* **PROBLEM TO WORK ON**: Quote the records that follow in full and exactly; leave out the pictures.

(Image-backed grounding data)
---*---

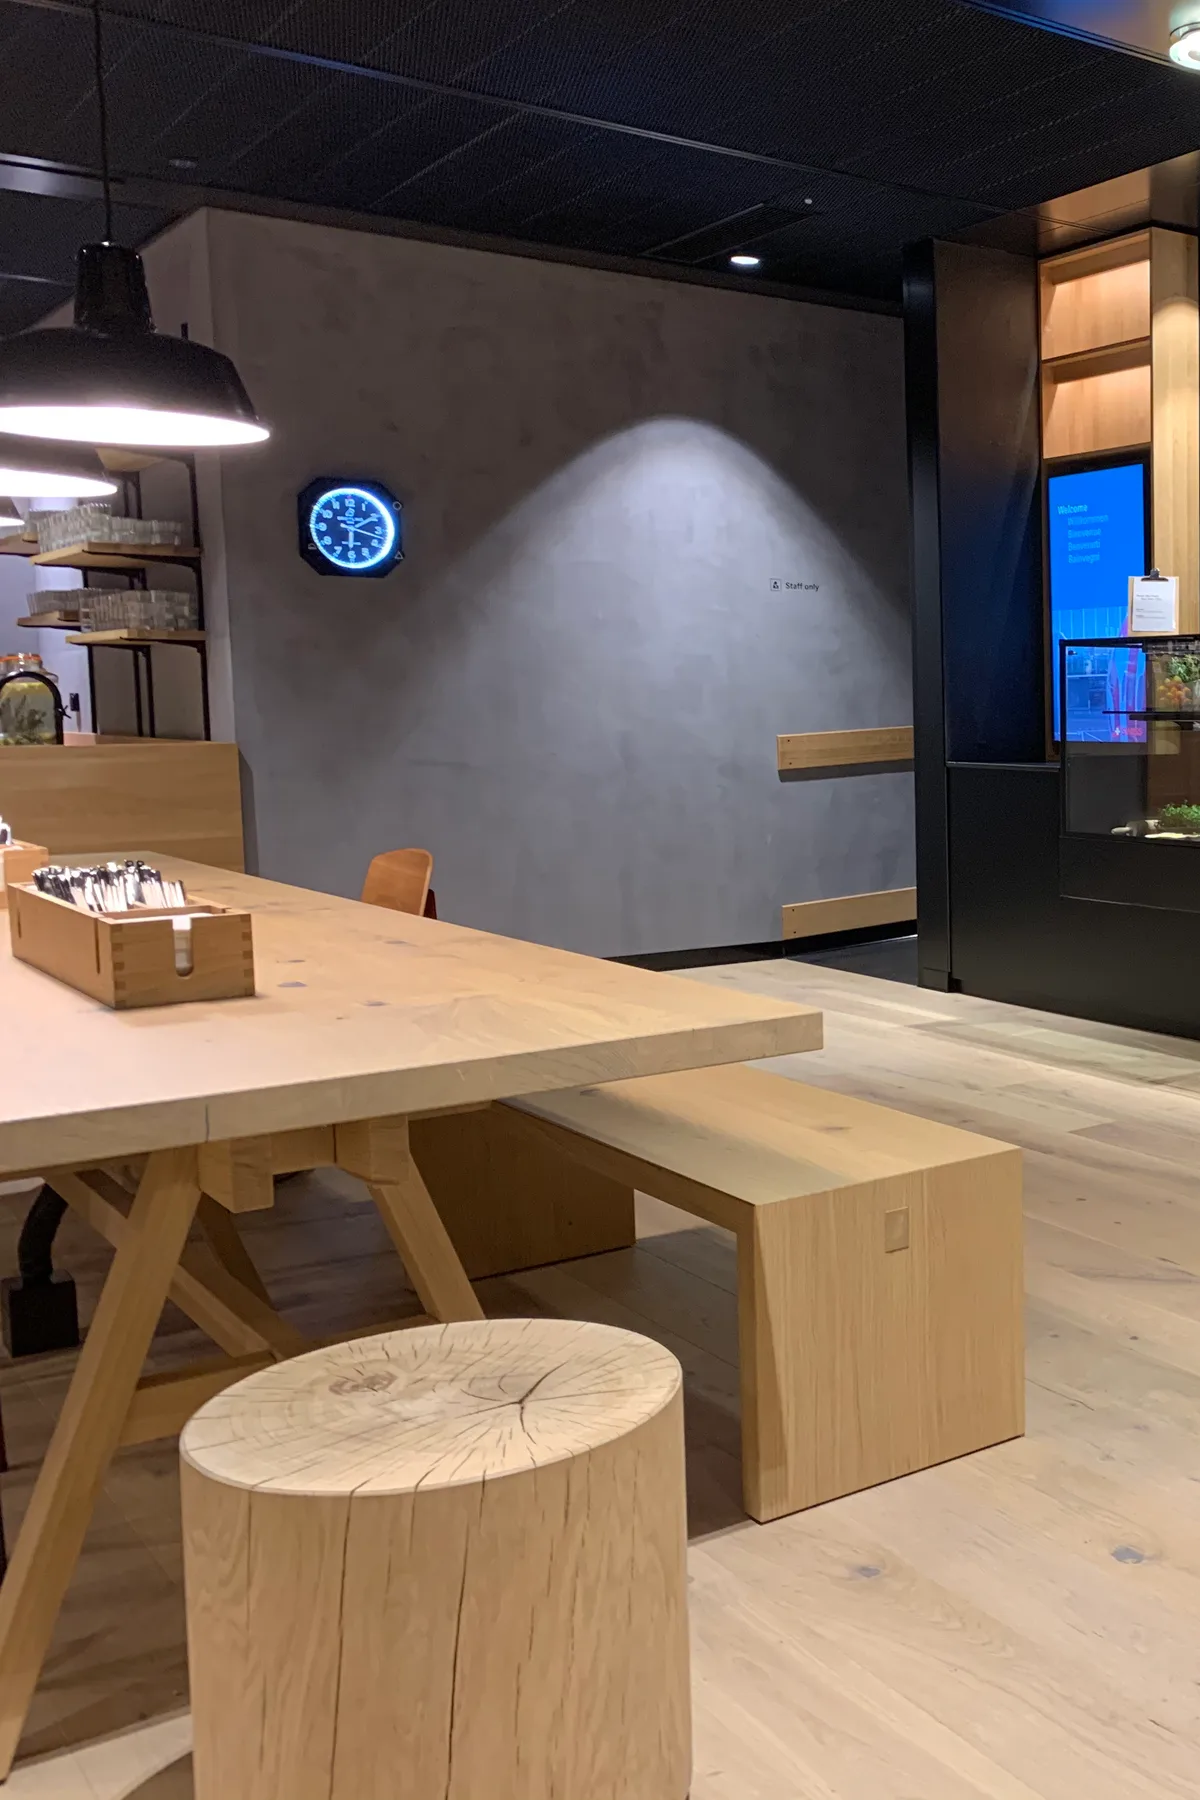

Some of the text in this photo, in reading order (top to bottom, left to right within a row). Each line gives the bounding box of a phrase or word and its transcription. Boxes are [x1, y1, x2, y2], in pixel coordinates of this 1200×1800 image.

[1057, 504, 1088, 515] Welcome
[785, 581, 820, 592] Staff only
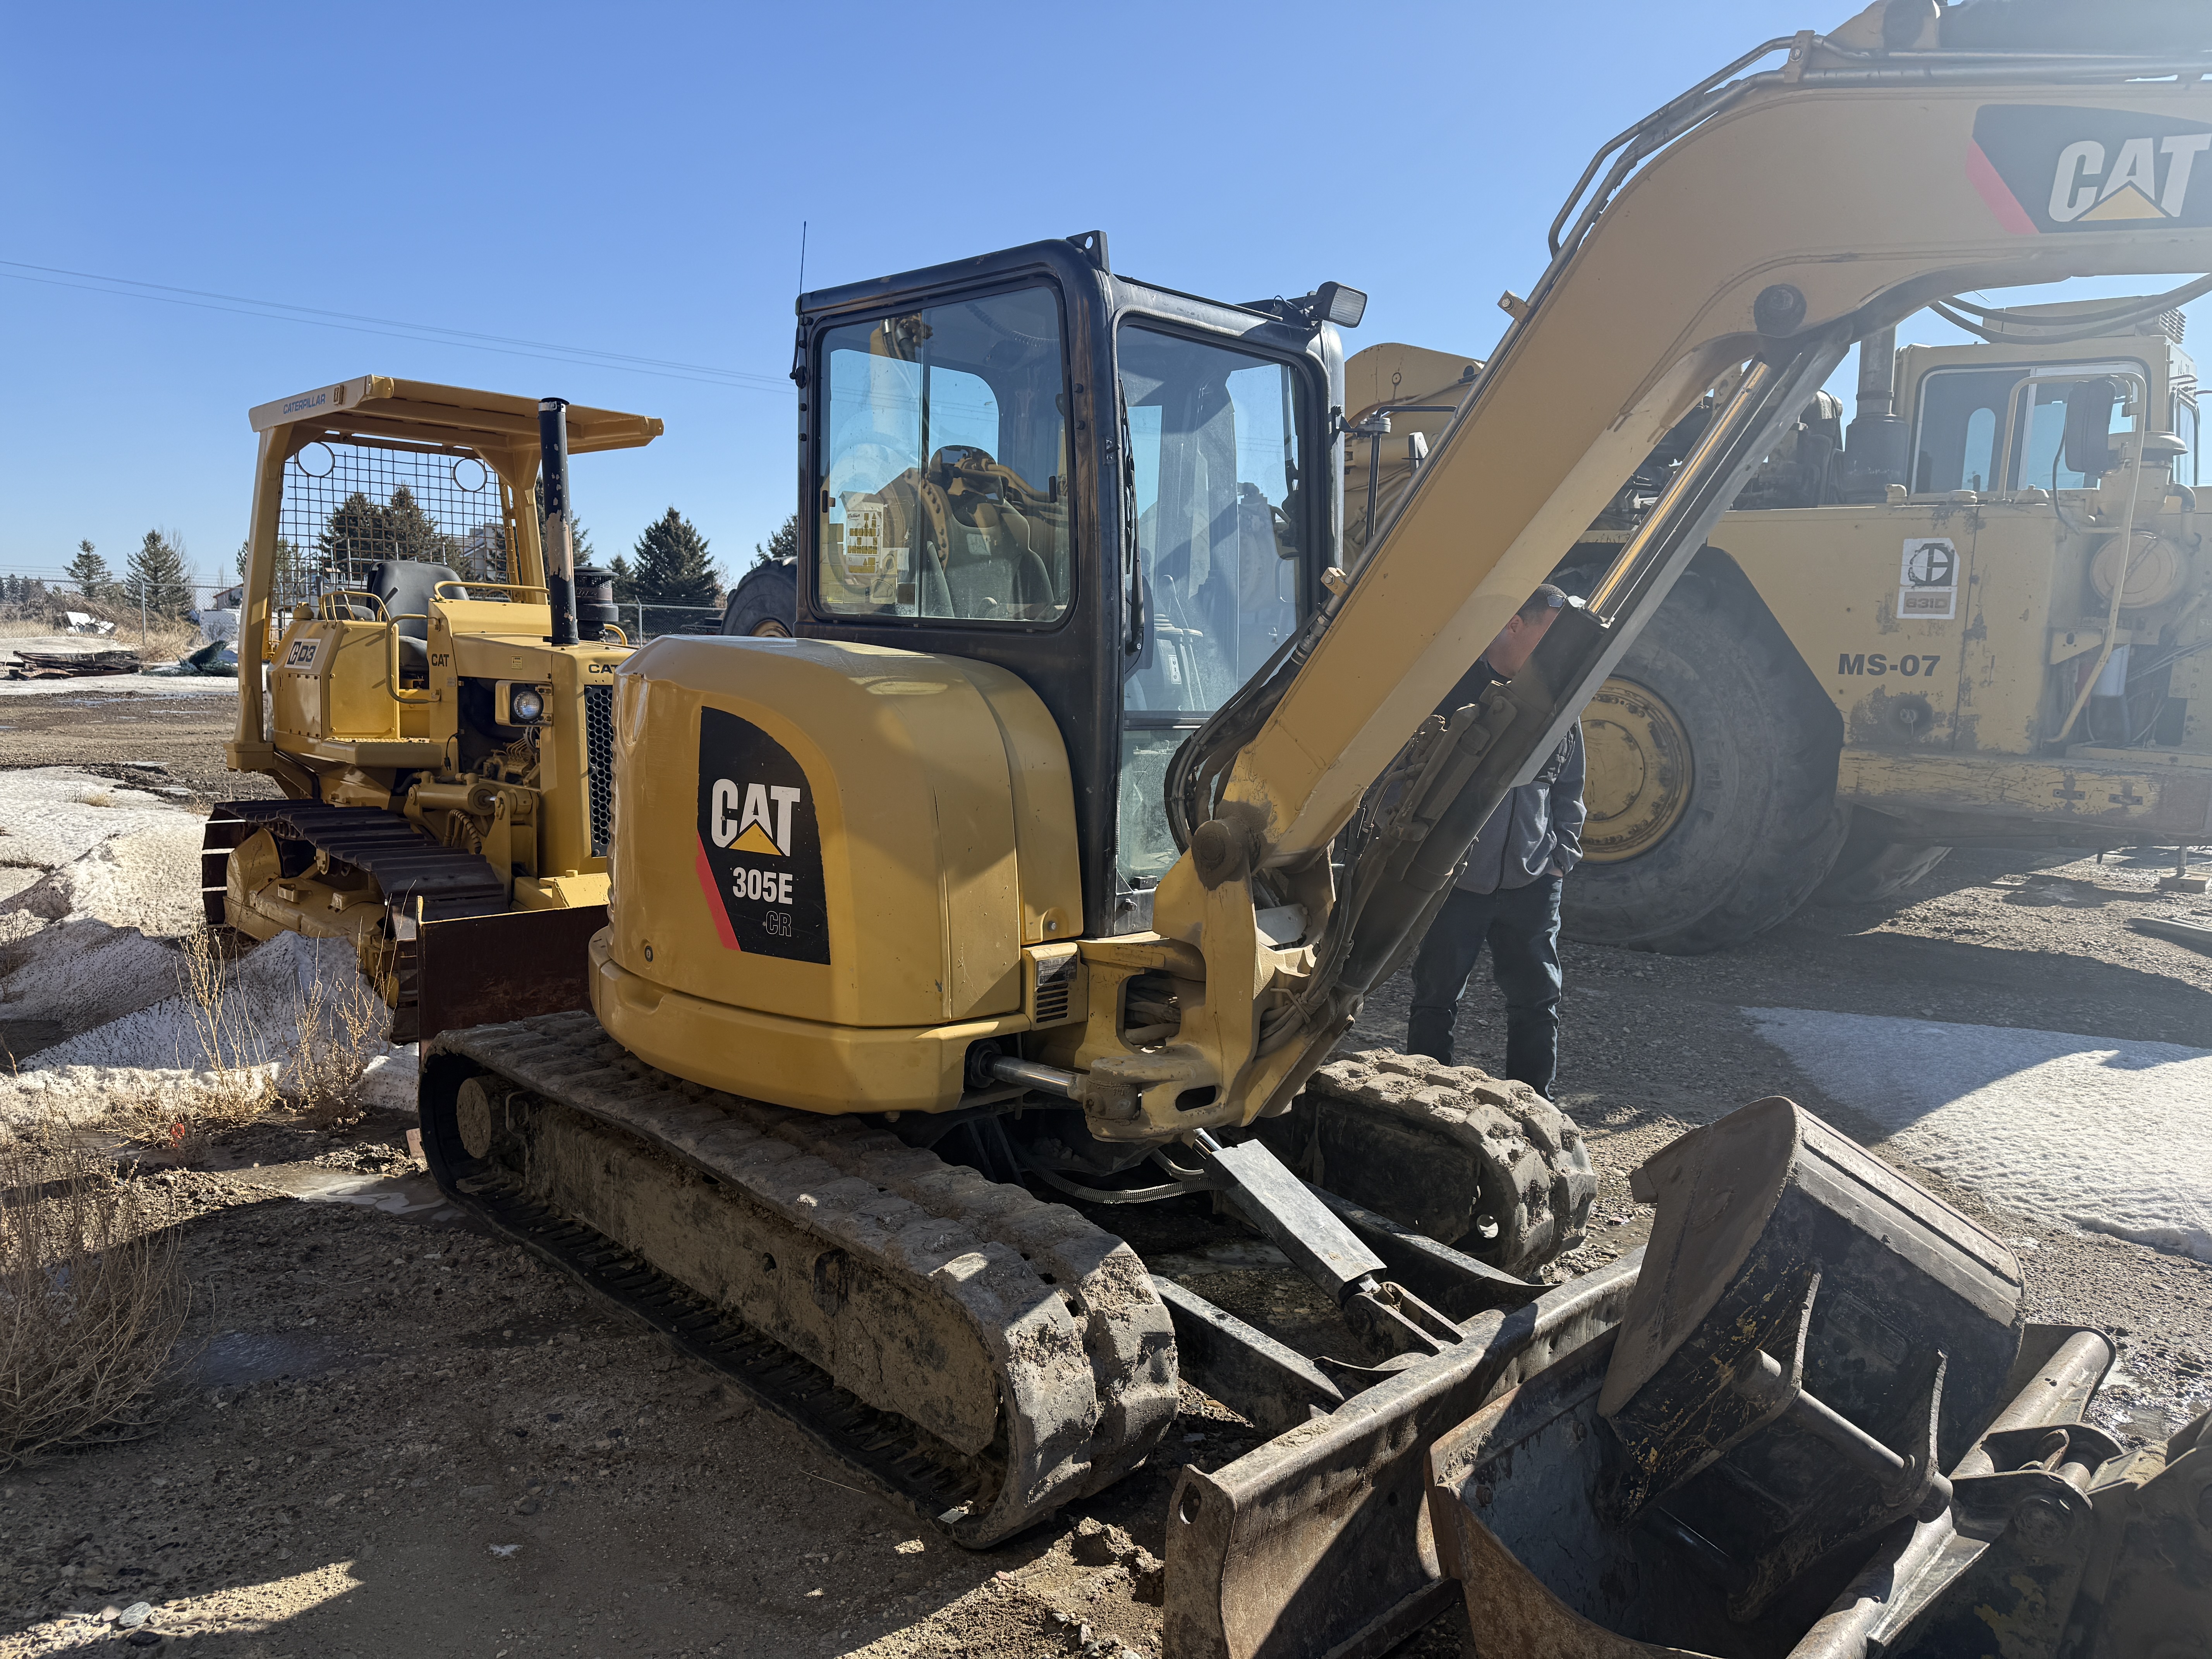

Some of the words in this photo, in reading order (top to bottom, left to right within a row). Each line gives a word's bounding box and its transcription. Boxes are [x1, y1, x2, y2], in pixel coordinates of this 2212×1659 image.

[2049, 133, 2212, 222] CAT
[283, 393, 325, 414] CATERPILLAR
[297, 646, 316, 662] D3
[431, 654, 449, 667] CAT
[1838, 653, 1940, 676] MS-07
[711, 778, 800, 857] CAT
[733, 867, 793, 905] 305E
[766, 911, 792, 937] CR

---*---

* **SOLUTION TO THIS TASK**:
Some of the text in this photo, in reading order (top to bottom, left to right within a row). Each line gives the bounding box of a phrase or word and its transcription. Boxes are [x1, y1, x2, y2], in pixel coordinates of this 1200×1800 image.

[1057, 504, 1088, 515] Welcome
[785, 581, 820, 592] Staff only

Some of the words in this photo, in reading order (top to bottom, left to right within a row). Each line gives a word's bounding box and its transcription. Boxes are [x1, y1, x2, y2], in pixel coordinates of this 2212×1659 image.

[2049, 133, 2212, 222] CAT
[283, 393, 325, 414] CATERPILLAR
[297, 646, 316, 662] D3
[431, 654, 449, 667] CAT
[1838, 653, 1940, 676] MS-07
[711, 778, 800, 857] CAT
[733, 867, 793, 905] 305E
[766, 911, 792, 937] CR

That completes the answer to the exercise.